As sunshine turned to showers a few hundred tourists wandered among the ruins, among them the Hollywood actress, Susan Sarandon, who had been invited by the Peruvian government to lend the event some star quality.
Beyond the symbolic significance, the reopening should start to stem a loss of revenue that Peru's Tourism Minister Martin Perez told the BBC amounted to some $185m (£122m) for the two-month closure.
It will also revitalise the nearby city of Cuzco, which has been operating at 30% capacity. More than half the 400,000-strong population rely on tourism for a living, according to Roger Valencia, vice-president of the city's chamber of commerce.
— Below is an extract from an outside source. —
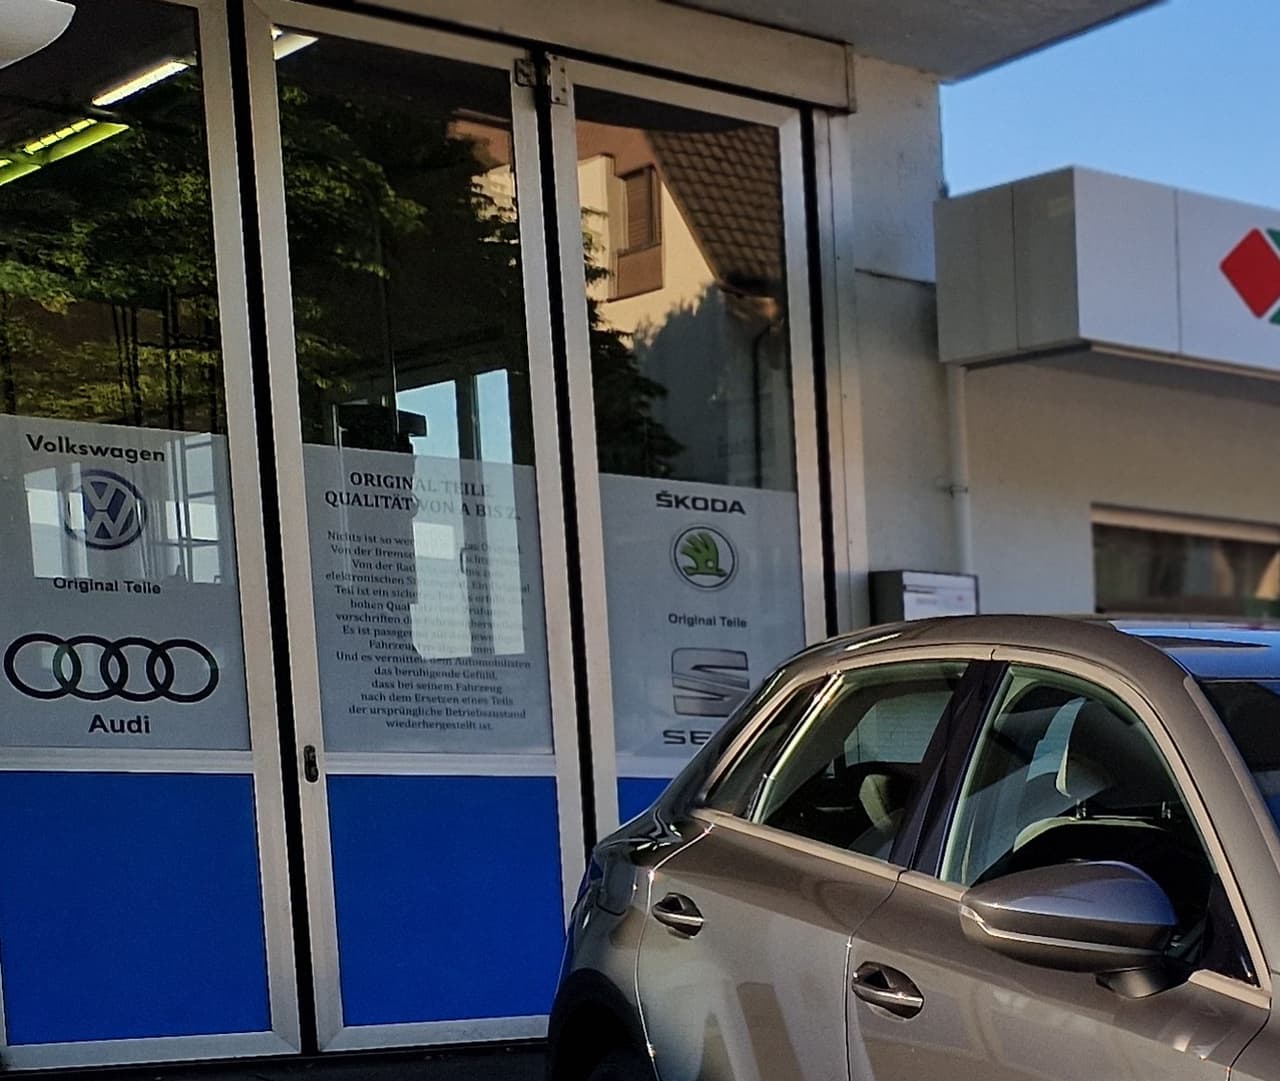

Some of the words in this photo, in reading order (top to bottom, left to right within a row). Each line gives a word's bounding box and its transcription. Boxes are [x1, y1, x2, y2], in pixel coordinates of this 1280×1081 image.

Although the region has other sources of income, tourism is the big employer here with everyone from hotel owners to street vendors relying on the daily flow of about 2,000 tourists who visit Machu Picchu.
"This disaster has been more disruptive to our industry than the financial crisis and swine flu combined", said Richard Leon, director of travel company Peru For Less.
Tourists had to be airlifted out after mudslides and flooding
"Almost every one of our clients plans on visiting Machu Picchu during their trip and more than 800,000 people visited the site last year, so the recent closure has caused us significant problems.
"Although they did a great job in evacuating people from the area, it's clear that the authorities were not prepared for problems on this scale, despite warnings that the infrastructure was at risk."
Mr Perez says he is the first to admit that the Incas built Machu Picchu in "a very difficult place".
But he told the BBC that infrastructure was now a priority and that a new road to Machu Picchu was under construction. He also mentioned setting up helicopter access.
Talk of more routes sets off alarms bells for the UN's cultural body, Unesco, which has in the past warned that uncontrolled access could damage the World Heritage Site.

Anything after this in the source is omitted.